TASK DIRECTIONS: Exactly as written and without the pictures, output the entries below.

─── LISTED RECORDS

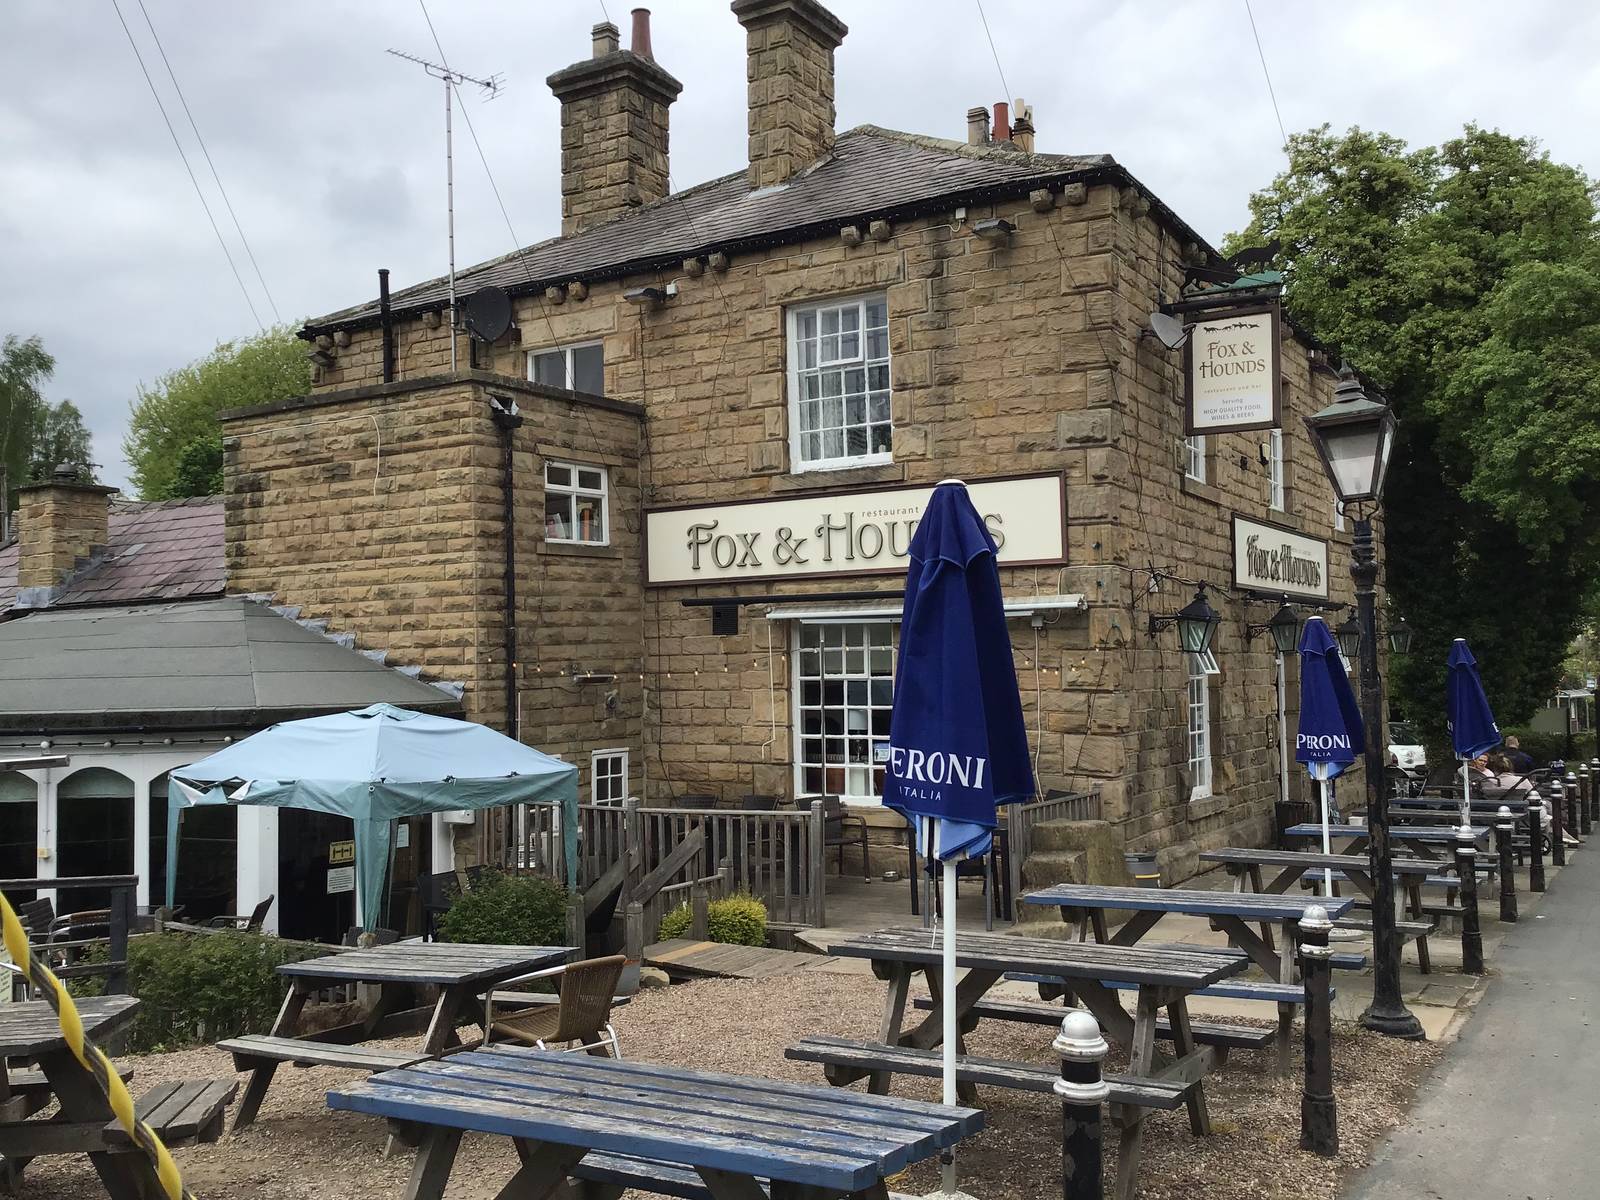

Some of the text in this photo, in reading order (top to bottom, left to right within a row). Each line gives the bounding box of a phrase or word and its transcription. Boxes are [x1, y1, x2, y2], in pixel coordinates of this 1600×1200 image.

[1207, 340, 1256, 359] FOX &
[1199, 359, 1265, 378] HOUNDS
[861, 506, 920, 518] restaurant
[687, 511, 1005, 569] FOX & HOUS
[889, 746, 987, 790] ERONI

──────

SOLUTION TO THE EXERCISE:
Some of the text in this photo, in reading order (top to bottom, left to right within a row). Each line gives the bounding box of a phrase or word and its transcription. Boxes are [x1, y1, x2, y2], in pixel coordinates of this 1600×1200 image.

[1207, 340, 1256, 359] FOX &
[1199, 359, 1265, 378] HOUNDS
[861, 506, 920, 518] restaurant
[687, 511, 1005, 569] FOX & HOUS
[889, 746, 987, 790] ERONI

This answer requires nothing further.